Idee violente


“Il vero problema per ciò che concerne la ricerca sui significati ultimi della vita non è quello di una particolare intelligenza che occorra o di uno speciale sforzo o di eccezionali mezzi necessari per raggiungerla. La verità ultima è come trovare una bella cosa sul proprio cammino: la si vede e si riconosce, se si è attenti. Il problema dunque è tale attenzione”; così Luigi Giussani ne “Il Senso Religioso”. E’ una frase che nella sua semplicità rischia di passare inosservata, eppure a ben guardare mostra due implicazioni molto forti. La prima: l’uomo punta alla verità, vuole sapere come stanno le cose, soprattutto a livello ultimo, nonostante tutta la debolezza, la fragilità, la miopia del suo pensiero. La seconda: per quanto paradossale possa sembrare, non è costruendo ragionamenti più o meno sofisticati, analitici o sintetici, che si arriva alla verità. Bisogna fare attenzione. Perché? A che cosa?

Al tema dell’attenzione ha dedicato pagine – a mio avviso- preziose Simone Weil. Questa osservazione presente nei suoi Cahiers forse ci dà qualche suggerimento per tentare una risposta: “Metodo [l’attenzione] per comprendere le immagini, i simboli, ecc. Non cercare di interpretarli, ma fissarli fino a far scaturire la luce. In generale: metodo per esercitare l’intelligenza consistente nel fissare […]. Applicazione di questo metodo per distinguere il reale dall’illusorio […]. La condizione è che l’attenzione sia uno sguardo e non un attaccamento. L’attaccamento fabbrica illusioni e chiunque voglia il reale deve essere distaccato […]. MI si richiede solo l’attenzione, quell’attenzione tale da far sparire l’io. Privare tutto ciò che chiamo io della luce dell’attenzione e trasferirla sull’inconcepibile”. Alcune espressioni possono senz’altro apparire esagerate, tuttavia il senso è chiaro: non è attraverso le mie idee che vedo la realtà, ma distaccandomene, rinunciandovi, perdendole, per usare un’espressione altrettanto incisiva.

Queste considerazioni, a dire il vero, mi sono venute in mente di fronte al post pubblicato dalla professoressa Donatella Di Cesare in occasione della morte di Barbara Balzerani: “La tua rivoluzione è stata anche la mia. Le vie diverse non cancellano le idee. Con malinconia un addio alla compagna Luna”. Il post, quasi subito rimosso dall’interessata -ma, si sa, sui social qualsiasi cosa viaggia a velocità della luce- ha sollevato un’ondata di indignazione, che, tralasciando gli eccessi di varia estrazione politica, possiamo vedere sintetizzata nella nota pubblicata dal rettore, dove prende le distanze da simili affermazioni e ricorda l’alto tributo di sangue pagato dall’Università. La professoressa Di Cesare, infatti, è docente di filosofia teoretica alla Sapienza di Roma e, credo, una delle maggiori esperte del pensiero di Heidegger: la cattedra di filosofia più prestigiosa in uno degli atenei più prestigiosi!

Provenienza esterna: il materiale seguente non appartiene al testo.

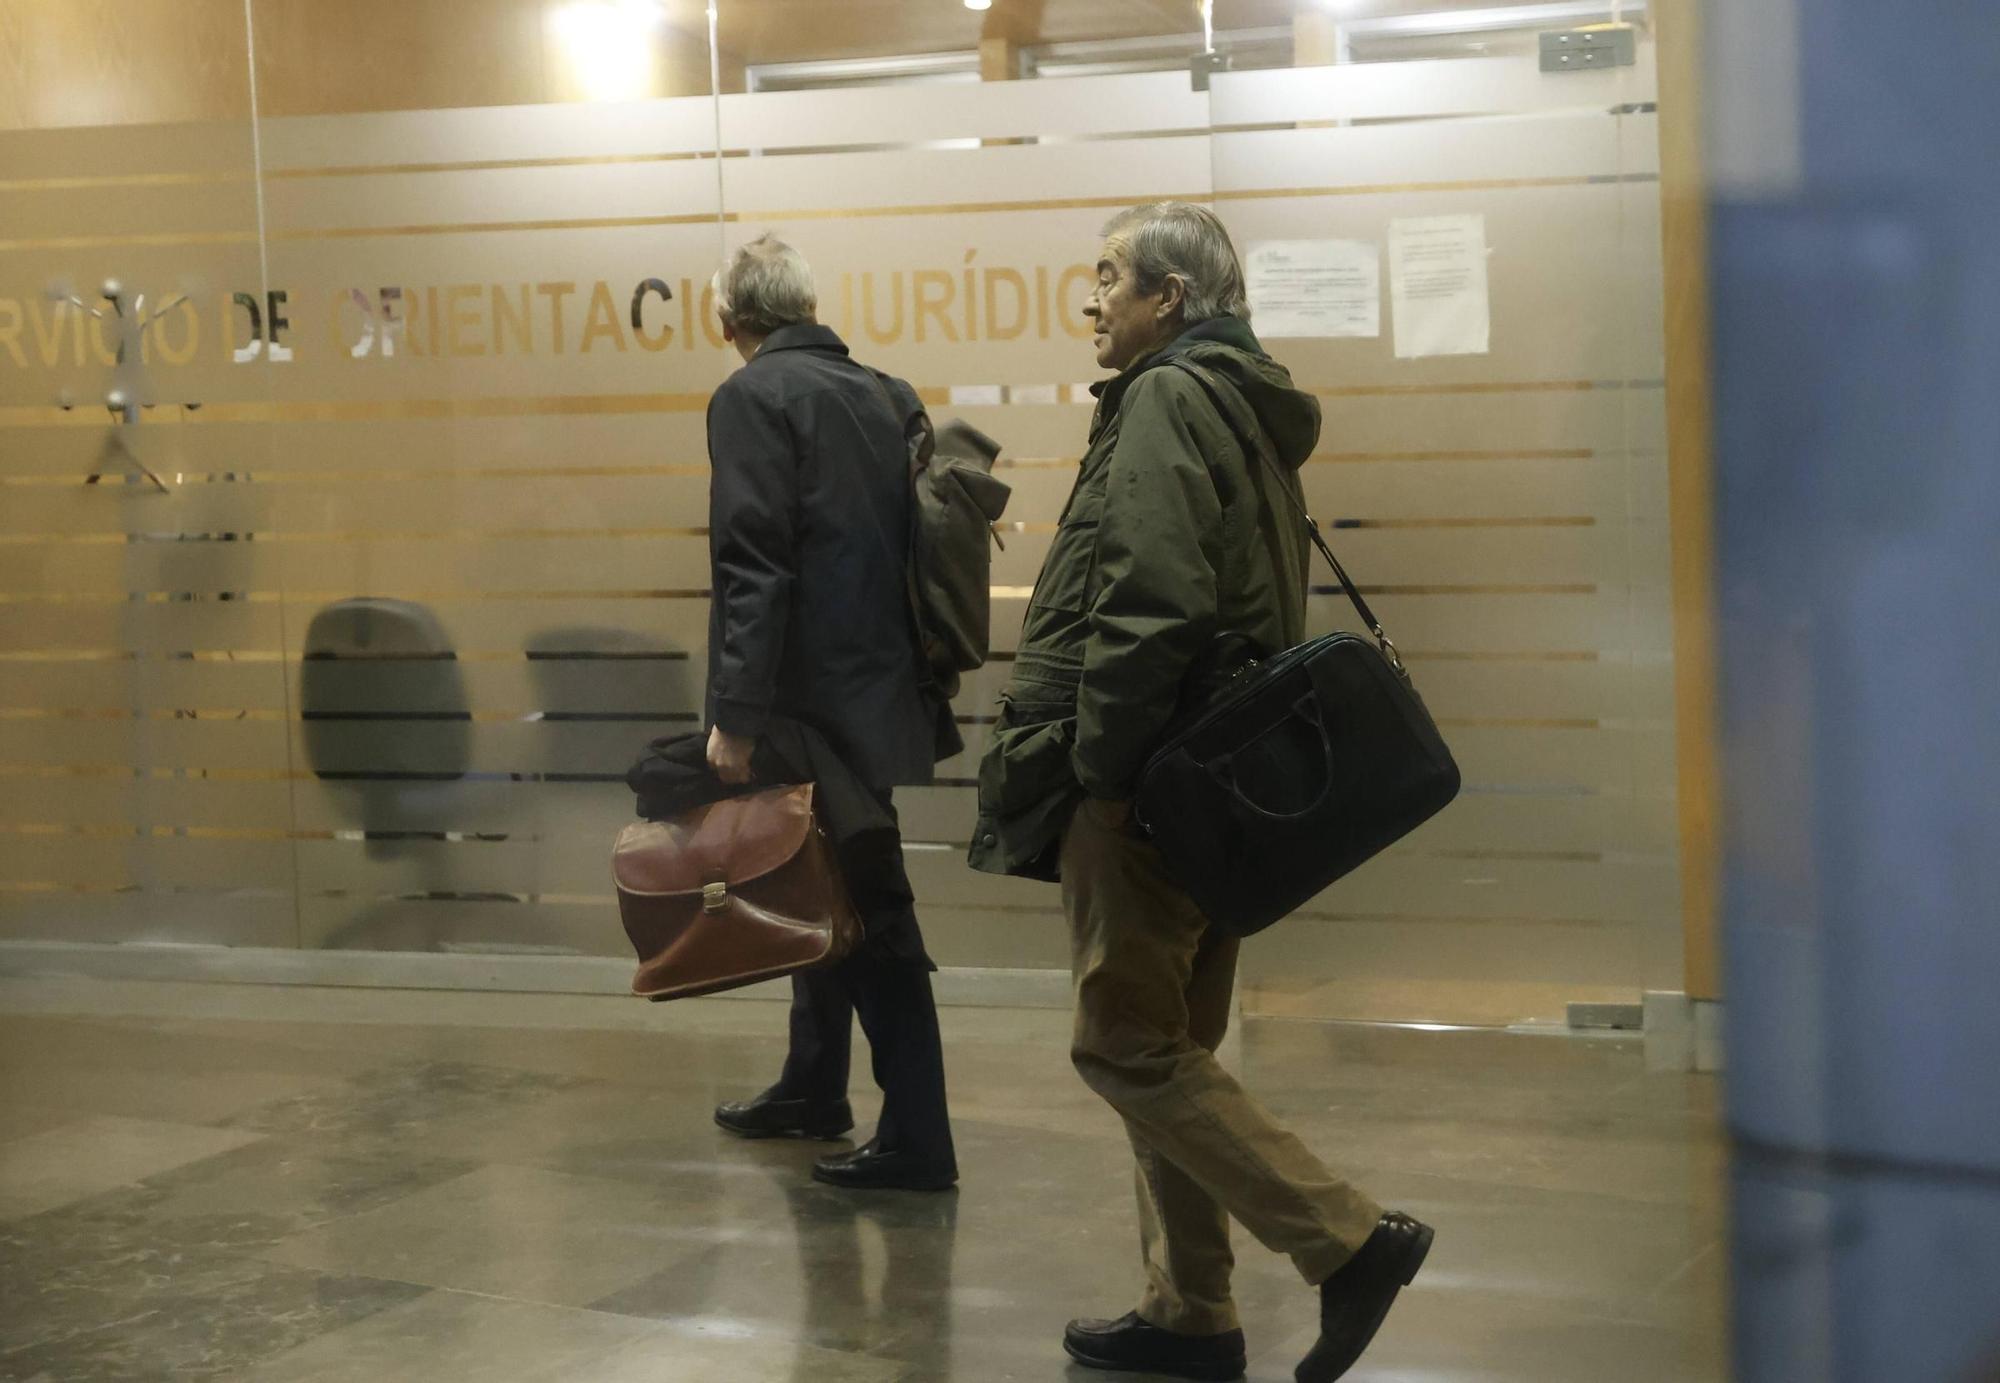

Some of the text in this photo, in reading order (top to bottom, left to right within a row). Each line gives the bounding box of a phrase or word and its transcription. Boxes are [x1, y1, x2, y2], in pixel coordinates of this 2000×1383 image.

L’anno successivo alla sua cattura (1985), Balzerani rivendicò l’omicidio dell’ex sindaco di Firenze Lando Conti, solo due anni dopo, comparve in un’intervista con Curcio e Moretti, per dichiarare conclusa l’esperienza delle BR, essendo venute meno le condizioni sociali che portarono al conflitto armato; non avrebbe mai dato segni di pentimento, almeno secondo la stampa.

Quindi nel merito: quale rivoluzione? Quali idee? Si possono separare le idee, o i valori vitali (giustizia, libertà, pace, per fermarci qui) dai tentativi e dai metodi di realizzazione, come se questi e quelle fossero due mondi a sé stanti? Quando capita così, non si guarda alla giustizia esclusivamente attraverso la fessura della propria idea, che diviene così, ad un tempo, muro invalicabile e altare sacrificale?

La risposta di Gesù alla domanda dello scriba su quale fosse il primo di tutti i comandamenti viene prima di indicare l’amore di Dio: “Ascolta Israele!”, cioè fa attenzione! E alla reazione entusiasta dello scriba che ne elogiò la risposta, disse “Non sei lontano dal regno di Dio”, cioè dalla verità. Sui Vangeli, si potrebbe costruire anche un seminario di filosofia teoretica.